For example, Sample et al 41 developed a deep learning model, Optimus 5-Prime, which accurately predicts how the 5′ UTR sequence controls ribosomal loading. Although data sets from endogenous human 5′ UTRs do exist that relate sequence to translation efficiency,47,48 these natural data sets are not ideal for model training because sequences with deleterious effects are likely to be underrepresented in natural examples, and endogenous transcript data are not sufficiently diverse to capture a broad range of expression levels.
To circumvent these issues, Sample et al synthesized and analyzed data from a 280,000-member library consisting of random 50-nucleotide 5′ UTR sequences upstream of the coding sequence for green fluorescent protein. Data from transfected HEK293T cells were used to train the Optimus 5-Prime model, where the inputs to the model were one-hot encoding representations of the 5′ UTR sequence and the output was the mean ribosome load values. The researchers used a CNN and the model had excellent performance, explaining up to 93% of the mean ribosome loading values in the test set.
Similar approaches, which combine DNA synthesis, massively parallel reporter assays, and deep learning, have been used for promoter designs. Synthetic biologists have traditionally used a relatively small number of native promoters in their construct designs. Although artificial promoter libraries exist,49–51 they are often derivatives of existing sequences, such as those achieved through mutagenesis, which limits diversity.

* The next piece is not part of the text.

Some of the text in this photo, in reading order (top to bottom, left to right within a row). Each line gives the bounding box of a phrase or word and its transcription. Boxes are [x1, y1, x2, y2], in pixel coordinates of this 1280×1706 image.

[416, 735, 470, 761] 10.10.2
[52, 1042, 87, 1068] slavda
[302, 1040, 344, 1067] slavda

Furthermore, there is a dearth of very strong promoters, as they are underrepresented in natural contexts. Using massively parallel reporter assays, Kotopka and Smolke 2 characterized a library of promoter variants. The design preserved conserved sequences within the promoter and randomized the remainder (∼80% of the sequences).
This highlights a potential approach for accessing larger sequence spaces, by using a combination of rational and randomized designs. The researchers used a combination of fluorescence-activated cell sorting and high-throughput DNA sequencing (FACS-seq) to bin cells by expression levels and then sequenced the promoter regions within each bin. These data were used to train a CNN, where the model accepts DNA sequence as input and outputs an activity prediction. Overall, the model predictions generalized well to test data, achieving R2 values >0.79 for all libraries, representing a significant achievement given these complex sequences. This approach of using massively parallel reporter assays is widely generalizable. For example, Jores et al 52 built synthetic promoters for plant species, including Arabidopsis, maize, and sorghum, and trained a CNN to predict promoter strength.

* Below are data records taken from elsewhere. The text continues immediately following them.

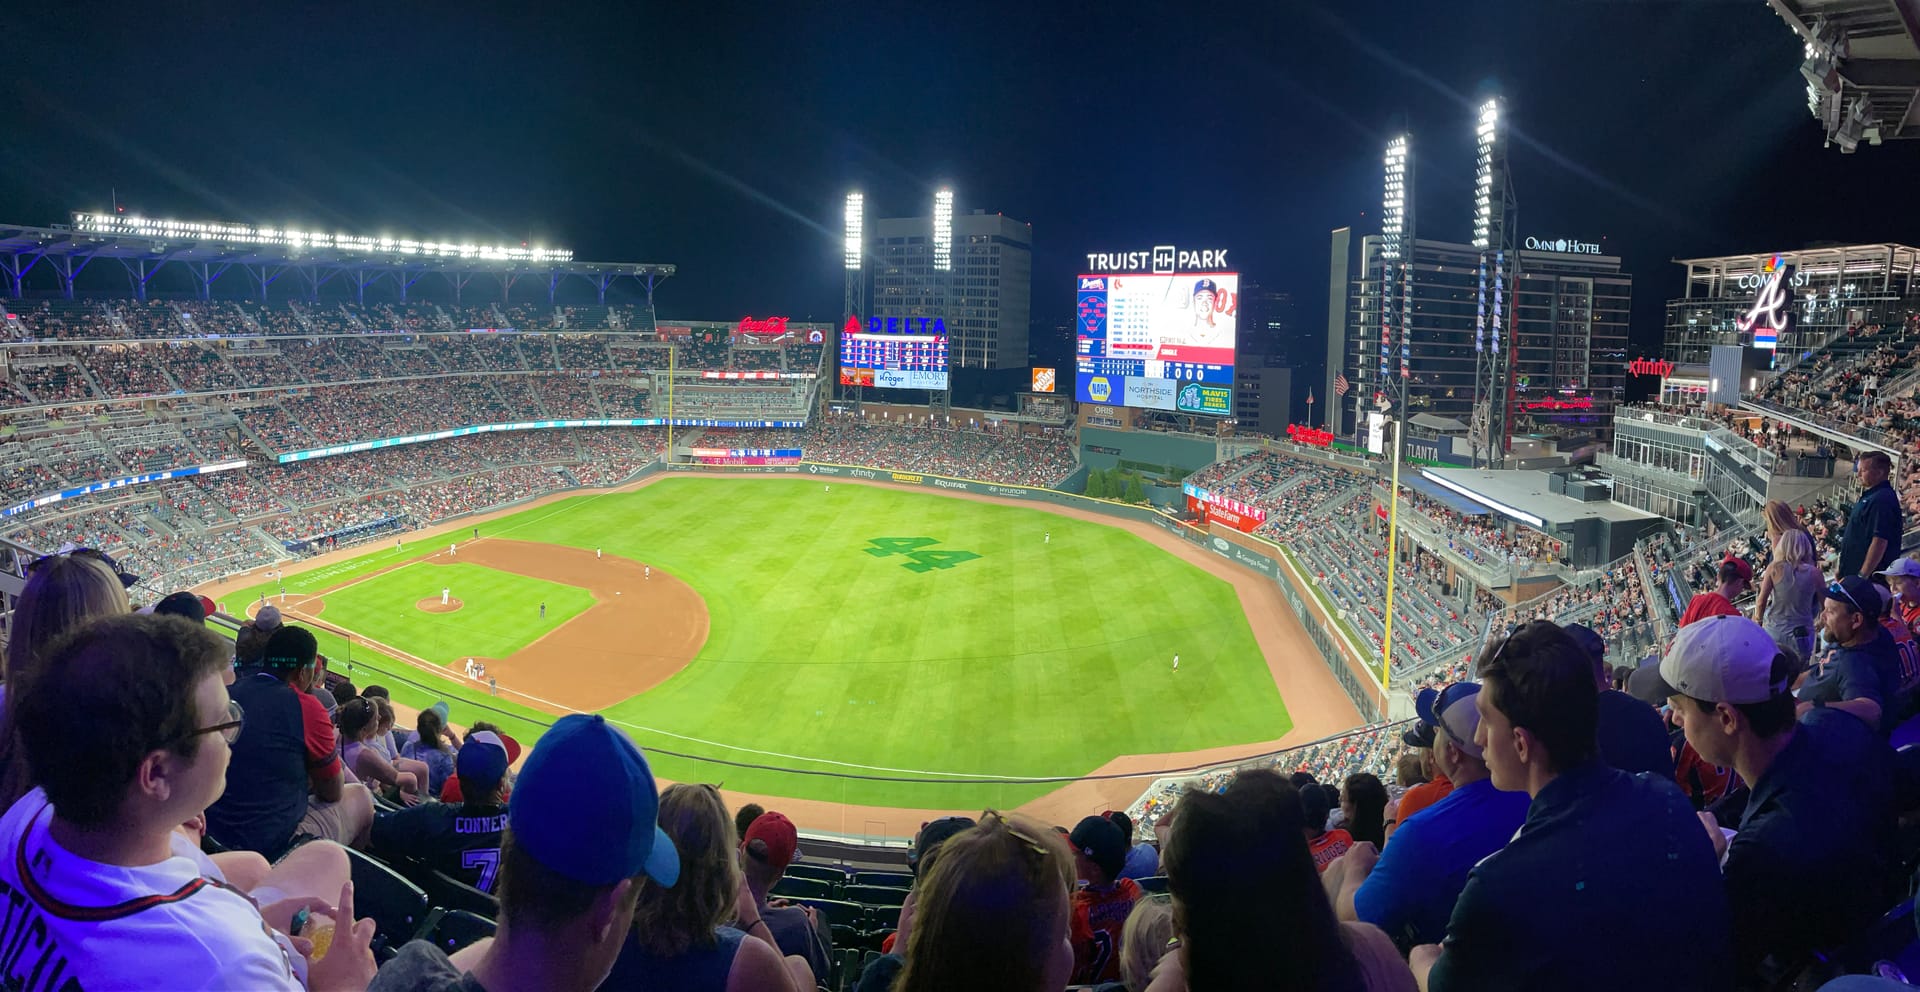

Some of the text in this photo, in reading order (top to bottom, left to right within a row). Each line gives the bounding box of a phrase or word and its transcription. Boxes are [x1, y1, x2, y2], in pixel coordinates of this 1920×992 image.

[1525, 236, 1602, 254] OMNI HOTEL
[1087, 249, 1227, 270] TRUIST PARK
[869, 316, 946, 334] DELTA
[1628, 357, 1674, 379] xfinity
[879, 371, 904, 386] Kroger
[913, 371, 945, 380] EMORY
[1091, 384, 1107, 395] NAPA
[1129, 386, 1173, 395] NORTHSIDE
[1202, 389, 1228, 397] MAVIS
[1094, 407, 1114, 415] ORIS
[850, 468, 876, 480] xfinity
[934, 479, 968, 489] EQUIFAX
[999, 487, 1027, 495] HYUNDAI
[462, 847, 501, 894] 7

Massively parallel reporter assays are not the only way to generate large data sets, and other approaches may be less prone to biases that can be introduced in processing. For example, Hollerer et al used genetic reporters to create a large data set that directly links sequence to function, applying it to develop a deep learning model that predicts translation activity of an RBS with high accuracy. 42 The researchers built a library of 300,000 bacterial RBSs and placed them upstream of a site-specific recombinase that flips a particular DNA sequence located in a region adjacent to the recombinase.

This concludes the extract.